Census workers will fan out Wednesday night across the Bay Area, and in cities around the country, to count people experiencing homelessness — some of the hardest to reach residents in the nation’s once-a-decade population tally.

County officials and homeless service providers have been working with the U.S. Census Bureau for more than a year, providing lists of places where unsheltered people can be found. But some are now voicing frustration that the bureau is disregarding their advice and familiarity with the Bay Area’s homeless communities, and worry the count will be incomplete.

“When the bureau is sending out people to walk into encampments late at night, it’s going to be incredibly difficult because we’re not allowed to be there. We’re not allowed to leverage our relationships,” said Nicholas Kuwada, manager of Santa Clara County’s census outreach office. “It has made it incredibly difficult to plan and to work with the bureau.”

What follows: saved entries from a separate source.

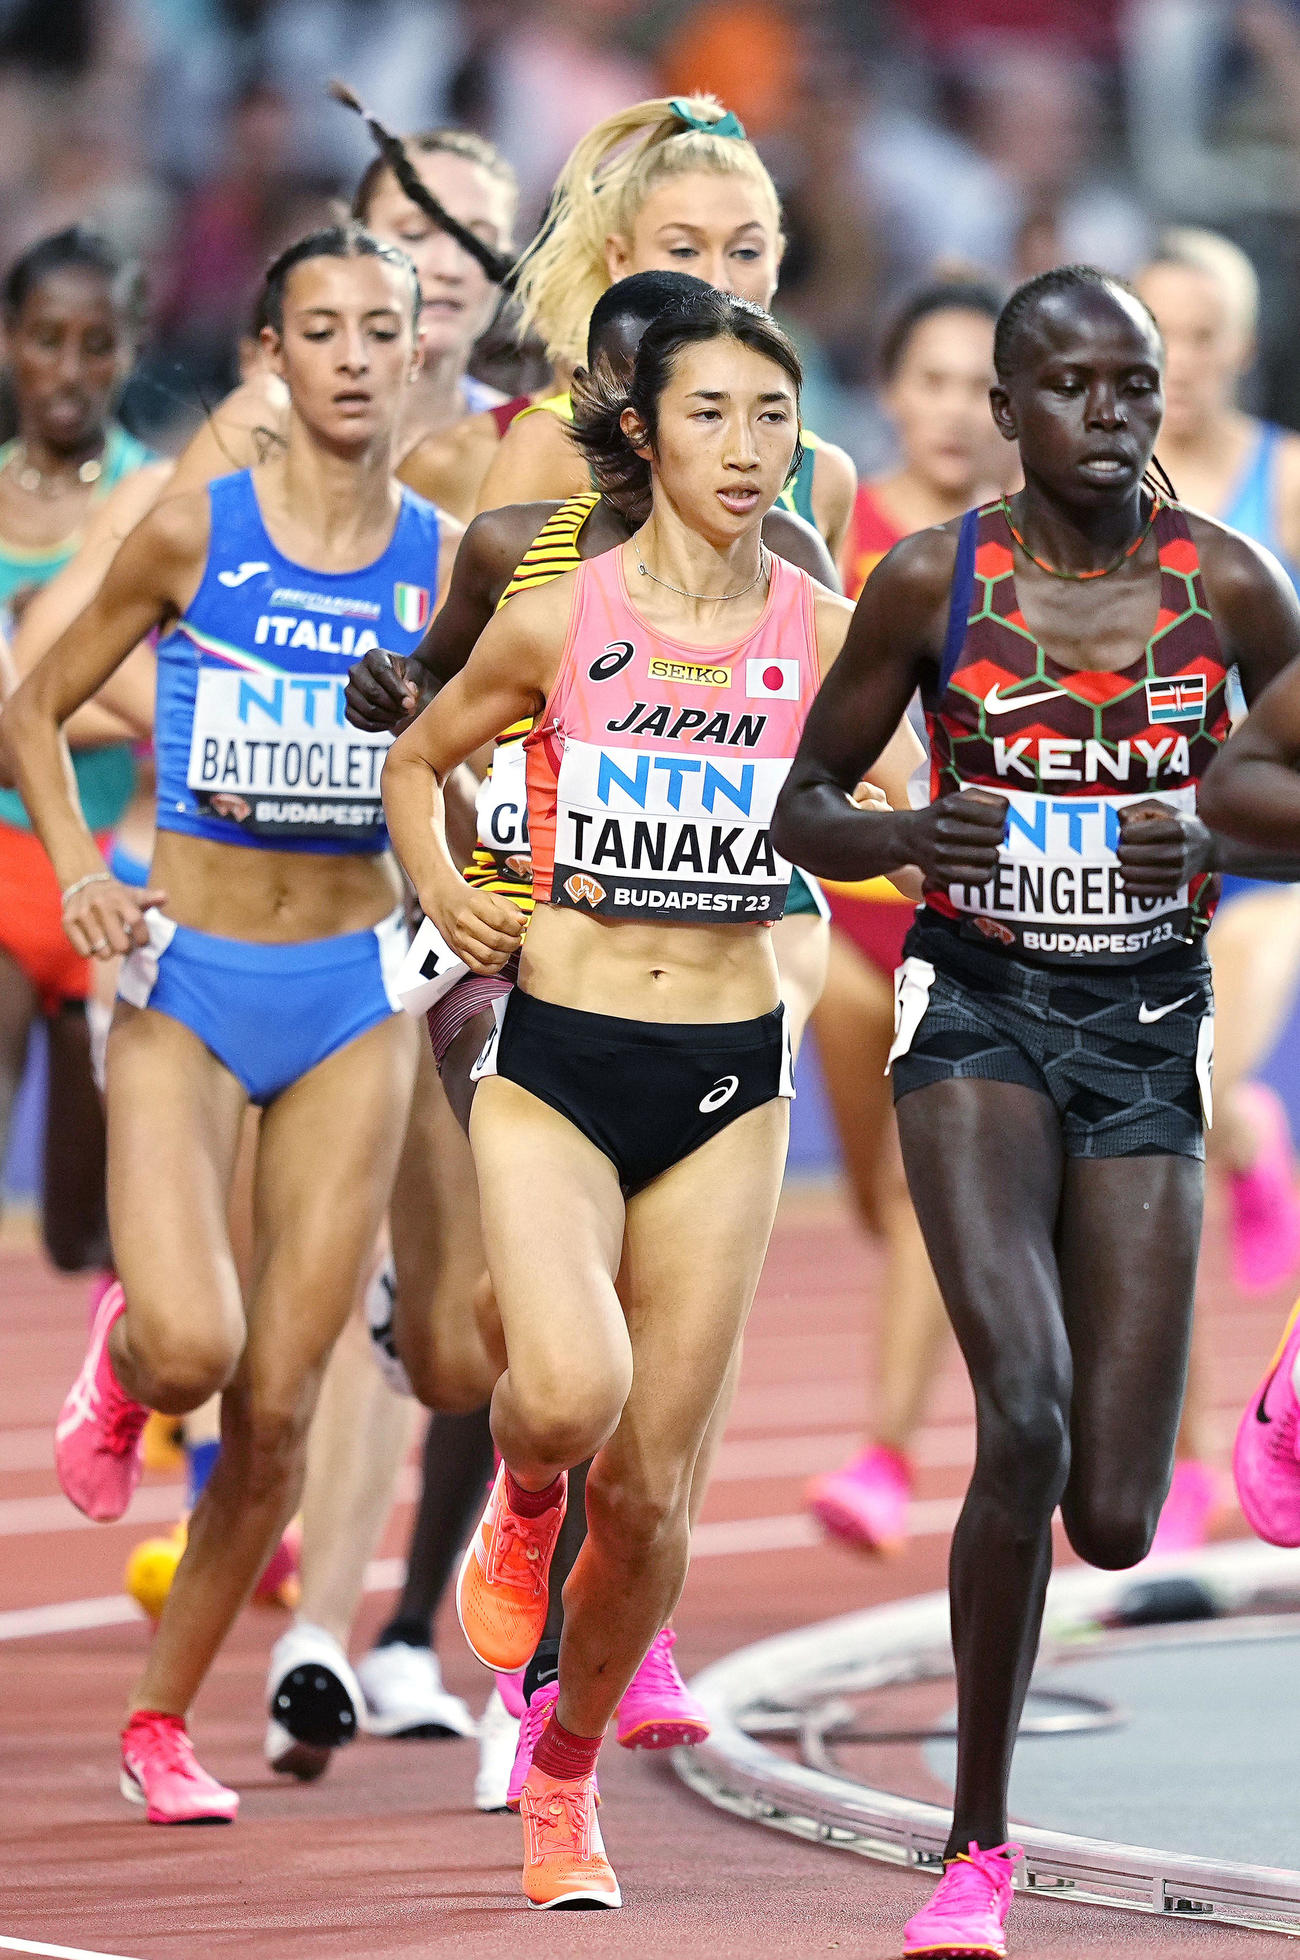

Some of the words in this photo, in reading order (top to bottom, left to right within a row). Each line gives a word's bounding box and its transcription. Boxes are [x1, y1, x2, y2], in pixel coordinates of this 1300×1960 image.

[254, 615, 380, 658] ITALIA
[651, 661, 728, 684] SEIKO
[605, 701, 768, 748] JAPAN
[202, 738, 390, 790] BATTOCLET
[993, 736, 1190, 782] KENYA
[597, 751, 755, 817] NTN
[256, 802, 374, 826] BUDAPEST
[568, 810, 777, 876] TANAKA
[614, 887, 742, 912] BUDAPEST
[744, 895, 770, 912] 23
[1022, 931, 1150, 953] BUDAPEST
[1151, 922, 1174, 944] 23
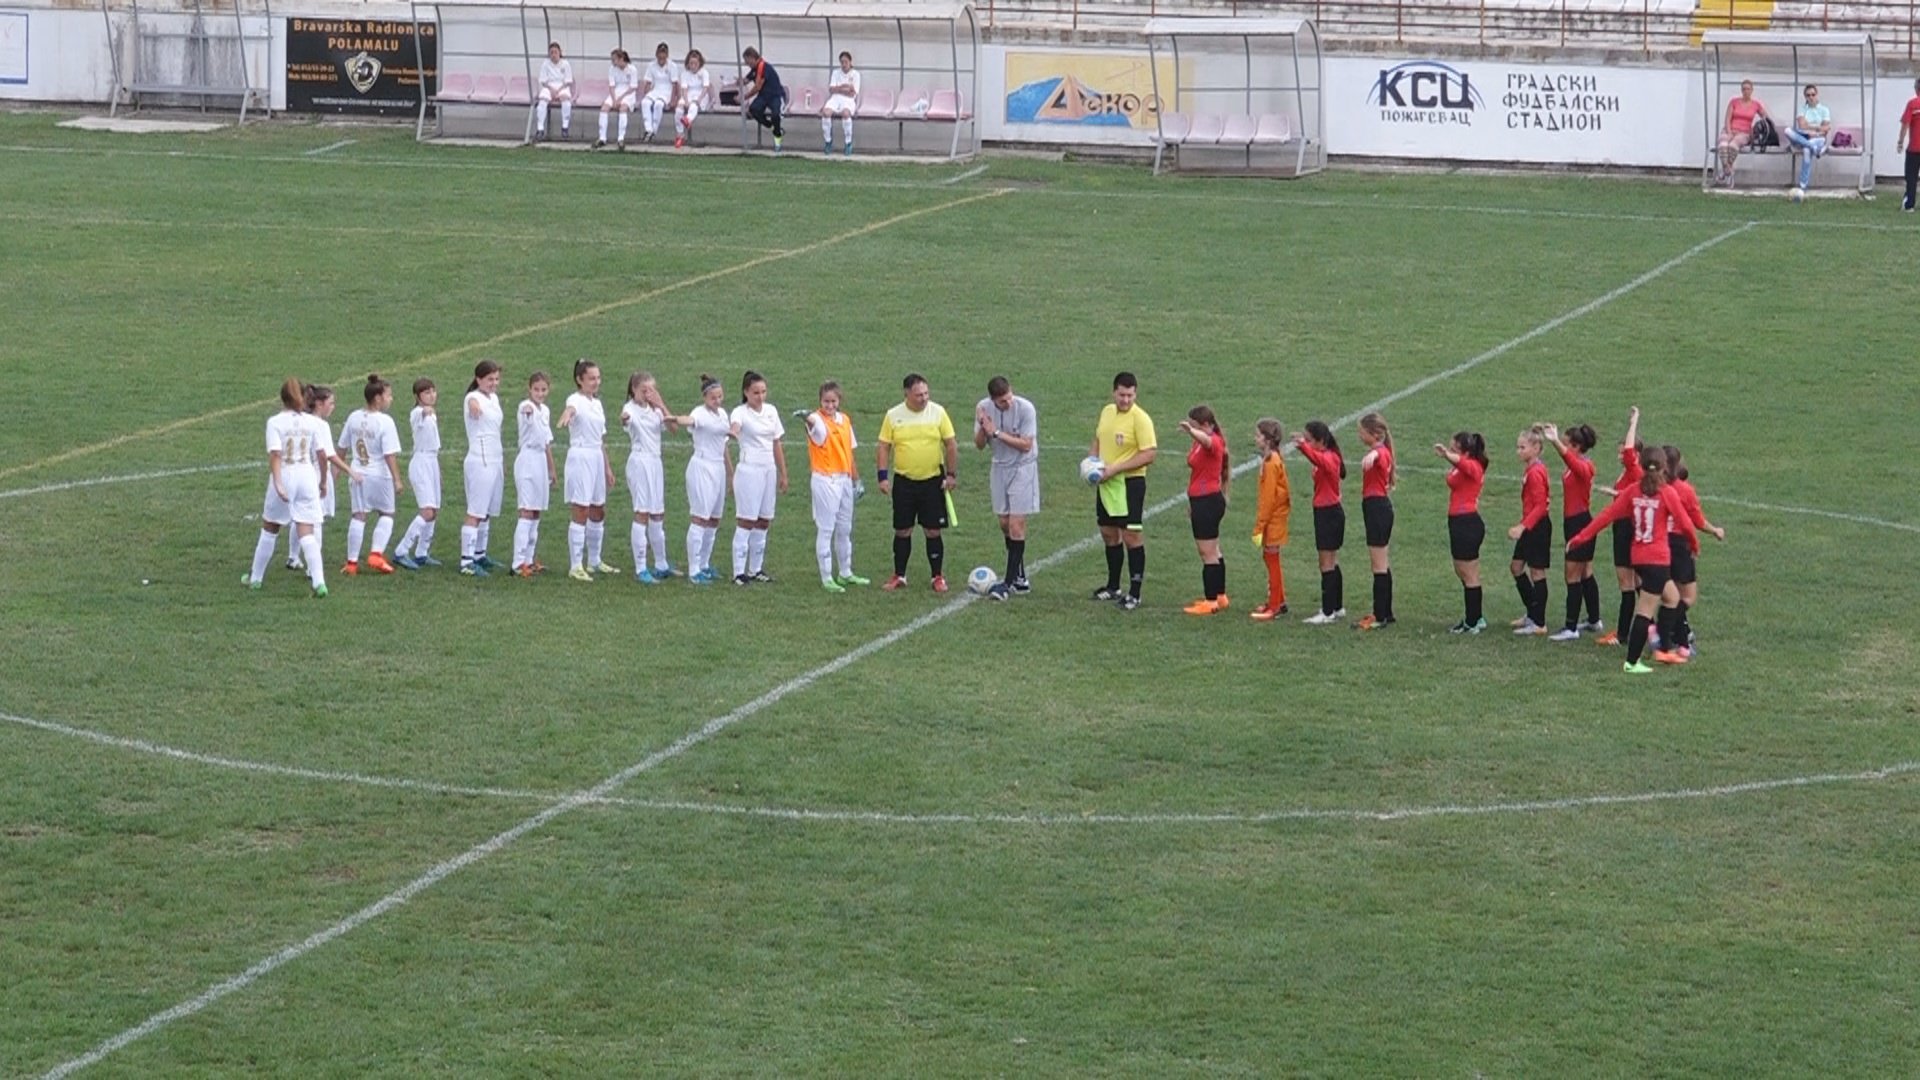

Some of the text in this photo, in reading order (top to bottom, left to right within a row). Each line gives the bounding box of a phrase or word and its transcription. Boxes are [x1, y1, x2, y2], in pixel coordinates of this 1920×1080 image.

But census officials say they’ve counted the homeless before and they know how to get it done. As in the past, the count happens in a three-day blitz — Sept. 22-24 — and includes visits to emergency shelters and soup kitchens, as well as an overnight count of people living outdoors or in vehicles.

The staff of temporary “enumerators” were trained last week on safety and cultural sensitivity, and equipped with masks and hand sanitizer, said Tim Olson, the bureau’s associate director of field operations.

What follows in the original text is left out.